Forscher:innen des Max-Planck-Instituts für chemische Ökologie haben die Strychnin-Biosynthese im Brechnussbaum Strychnos nux-vomica aufgeklärt.

Bildquelle: © Danny Kessler, Max-Planck-Institut für chemische Ökologie

Indiziensuche

Das Team vom Max-Planck-Institut für Chemische Ökologie in Jena hat sich mit viel Detektivgeist daran gemacht, dieses Rätsel zu lösen. Ein gewisses Vorwissen half beim Start. So war bereits bekannt, dass Strychnin wie alle Monoterpenindolalkaloide seinen Ursprung in Tryptophan und Geranylpyrophosphat hat. Diese werden zunächst zu Geissoschizin und danach über unbekannte Zwischenschritte zu Wieland-Gumlich-Aldehyd umgewandelt. Letzteres könnte dann durch den Einbau von Acetat zu Strychnin reagieren – soweit die Theorie.

Um die Theorie zu beweisen, verglich das Forschungsteam den Stoffwechsel zweier Mitglieder der Pflanzengattung Strychnos: den Brechnussbaum S. nux-vomica, der Strychnin vor allem in seinen Wurzeln bildet, und Strychnos sp., der gar kein Strychnin produziert, wohl aber das verwandte Alkaloid Diabolin. Anhand von RNA-Sequenzierungsdaten suchten die Fachleute dann nach den Genen für jene Enzyme, die an der Bildung von Strychnin beteiligt sein könnten.

Spurensuche in verwandten Arten

Die enzymatischen Schritte bis zum Geissoschizin waren bereits aus der phylogenetisch verwandten Heilpflanze Catharanthus roseus (Madagaskar-Immergrün) bekannt. Für jeden Schritt dieser Biosynthese fanden sich in der Brechnuss homologe Gene, die auch bevorzugt in den Wurzeln exprimiert wurden – ein Hinweis darauf, dass dieser Syntheseweg zwischen beiden Arten konserviert ist.

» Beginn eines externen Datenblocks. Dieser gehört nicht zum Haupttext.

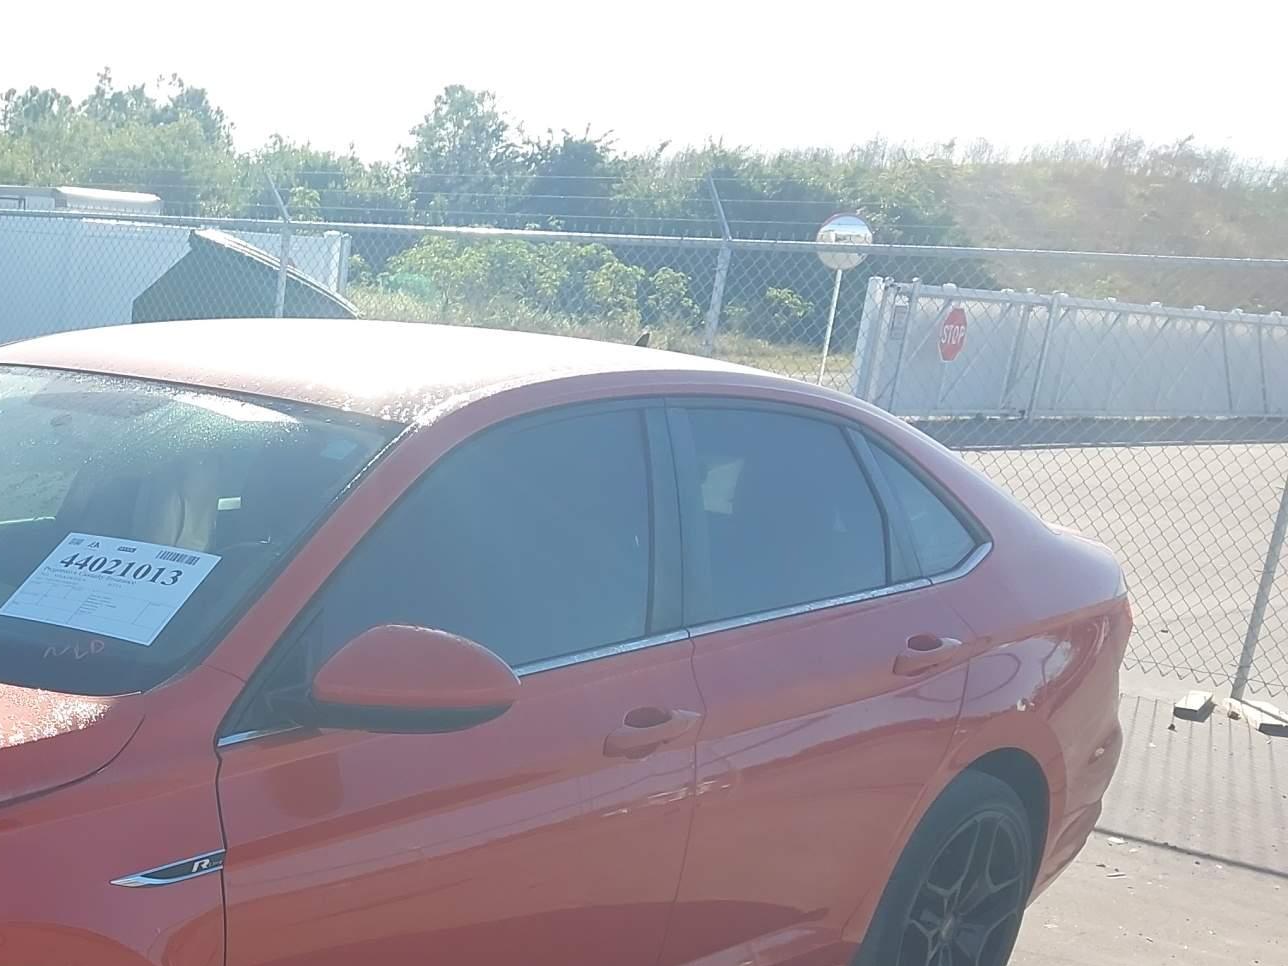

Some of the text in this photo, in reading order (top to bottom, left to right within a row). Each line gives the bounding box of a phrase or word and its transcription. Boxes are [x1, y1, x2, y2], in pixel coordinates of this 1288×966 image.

[941, 325, 966, 345] STOP
[60, 552, 183, 586] 44021013
[192, 858, 210, 873] R
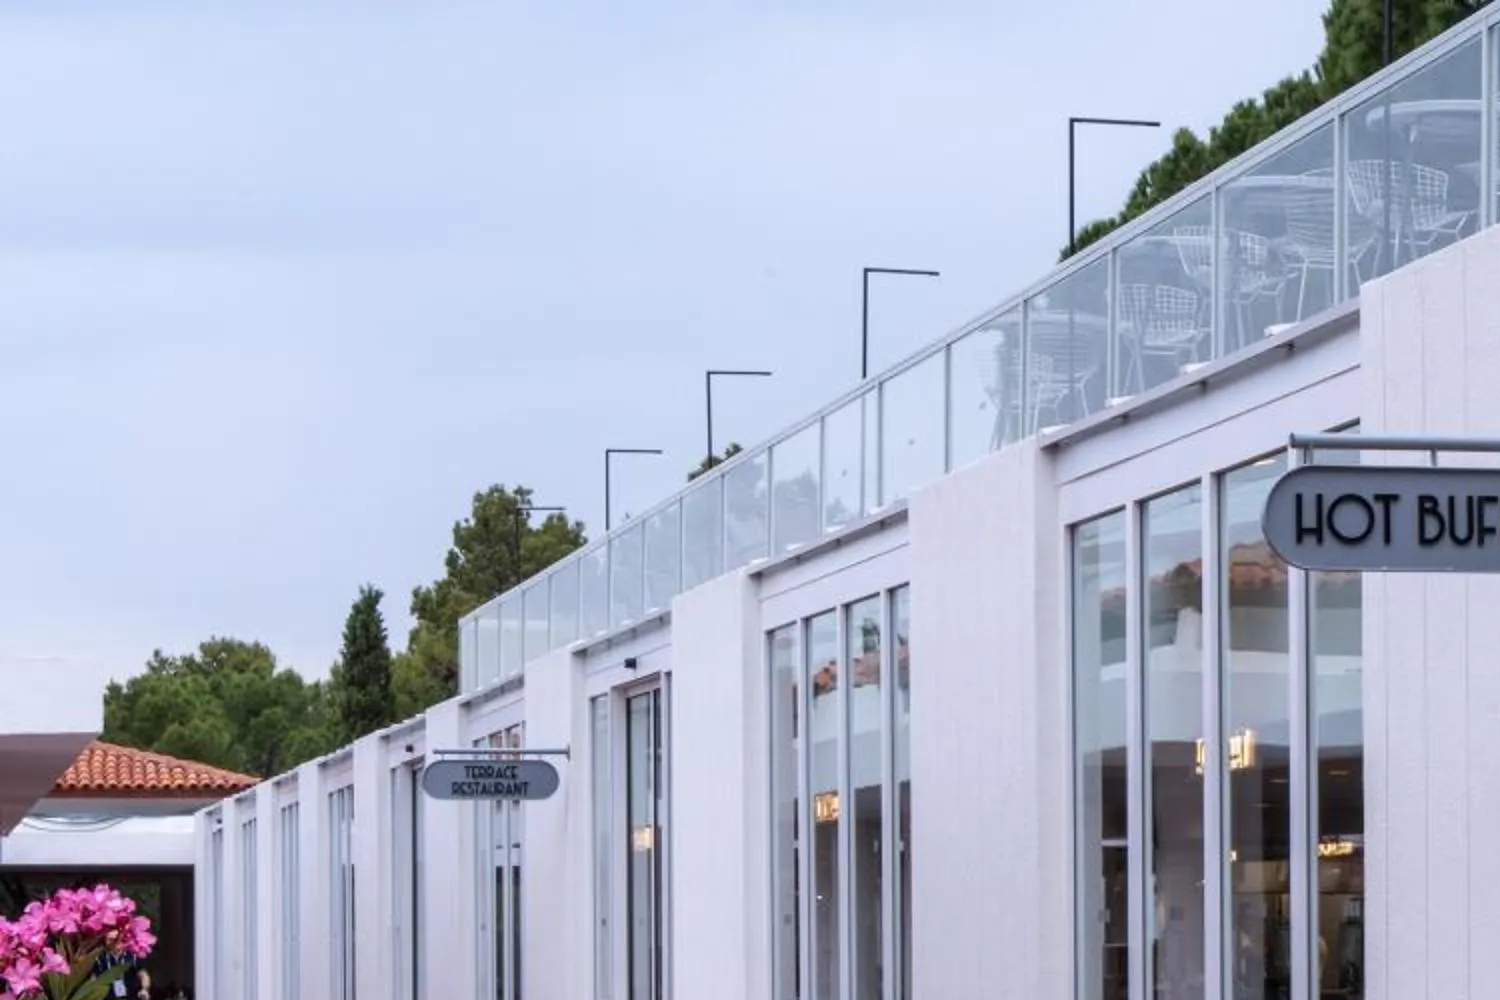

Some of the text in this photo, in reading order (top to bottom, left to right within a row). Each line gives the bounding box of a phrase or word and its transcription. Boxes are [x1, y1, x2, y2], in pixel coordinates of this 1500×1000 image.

Für die weiteren Reaktionsschritte suchten die Pflanzenforscher:innen speziell nach Genen, die bei der Brechnuss in der Wurzel exprimiert werden, mit bekannten Genen des Synthesewegs koexprimiert werden und die für Gene kodieren, deren katalytische Funktion zur chemischen Logik des mutmaßlichen Synthesewegs passt.

Chemische Logik für biologische Rätsel

Denkbar war beispielsweise, dass das Wieland-Gumlich-Aldehyd durch Hydrolyse, Decarboxylierung, Oxidation und Reduktion aus dem Intermediat Dehydropreakuammicin entsteht. In diesem Fall sollte es in der Brechnuss das Enzym Geissoschizin-Oxidase geben, wie es aus C. roseus bereits isoliert worden ist. Tatsächlich fand das Forschungsteam ein potenzielles Homolog. Als die Fachleute das Gen im Modellorganismus N. benthamiana exprimierten und Geissoschizin hinzu gaben, konnten sie in den Blattextrakten Akuammicin nachweisen, das durch Deformylierung von Dehydropreakuammicin entsteht.

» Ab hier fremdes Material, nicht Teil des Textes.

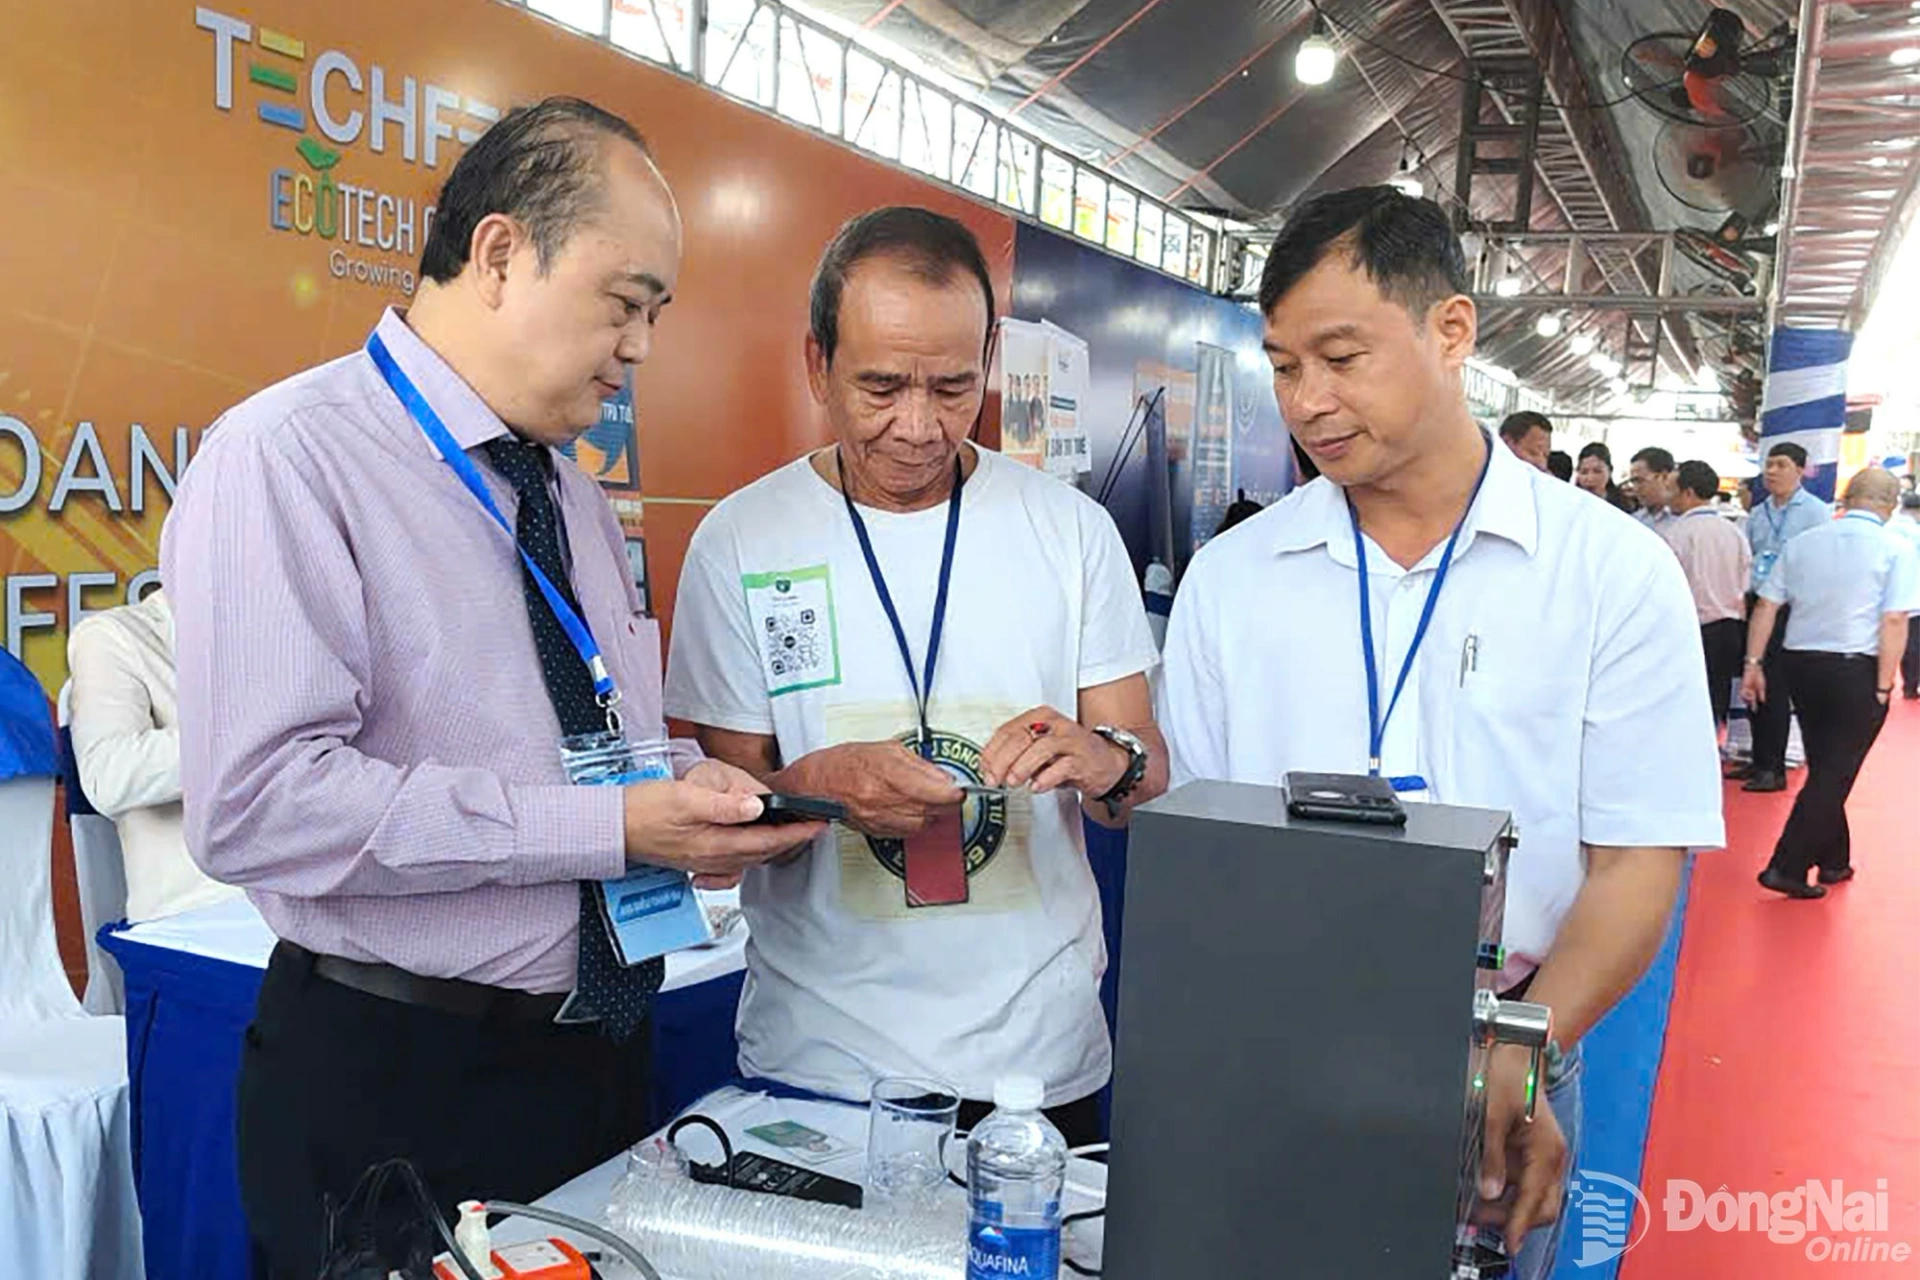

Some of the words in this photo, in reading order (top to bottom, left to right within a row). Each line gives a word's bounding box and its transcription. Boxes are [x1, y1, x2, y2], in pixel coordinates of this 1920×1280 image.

[272, 168, 414, 254] ECOTECH
[330, 250, 414, 295] Growing
[968, 1246, 1032, 1278] QUAFINA

Damit es zu dieser Deformylierung kommen kann, ist eine α/β-Hydrolase erforderlich. Von fünf wahrscheinlichen Kandidaten zeigten zwei in N. benthamiana die erhoffte Reaktion, die letztlich zur Bildung des Alkaloids Norfluorocurarin führt.

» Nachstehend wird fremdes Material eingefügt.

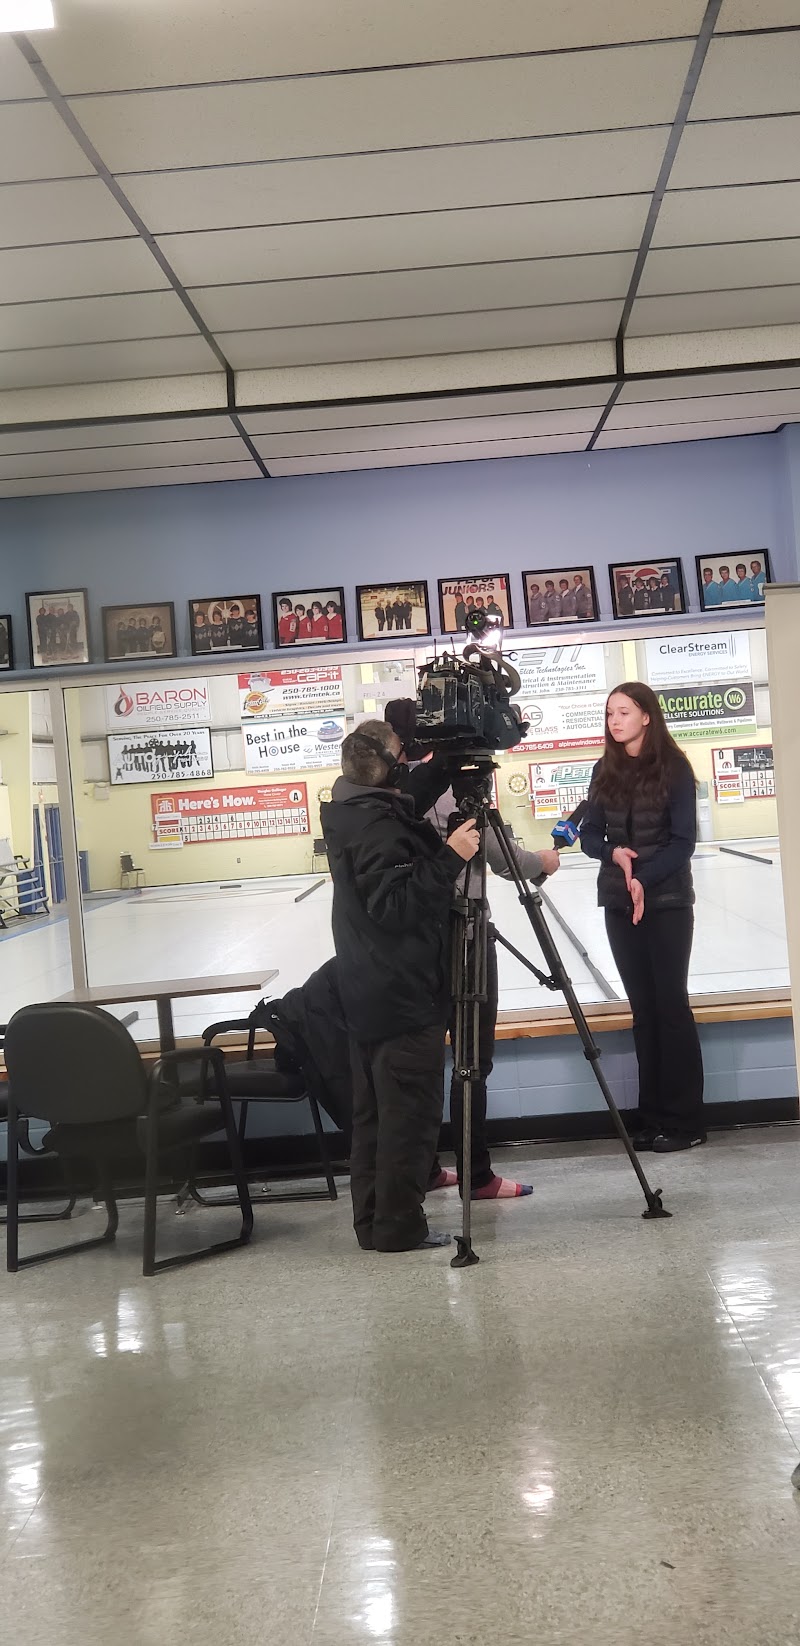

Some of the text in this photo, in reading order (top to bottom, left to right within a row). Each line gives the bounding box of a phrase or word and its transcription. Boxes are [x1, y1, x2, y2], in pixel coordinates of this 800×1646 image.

Um daraus ein Wieland-Gumlich-Aldehyd zu bilden, sind eine Hydroxylase und eine Reduktase erforderlich. Auch für diese beiden Fälle fanden die Forscher:innen Kandidatengene, von denen eine bestimmte Kombination in N. benthamiana tatsächlich zur Anhäufung von Wieland-Gumlich-Aldehyd führte.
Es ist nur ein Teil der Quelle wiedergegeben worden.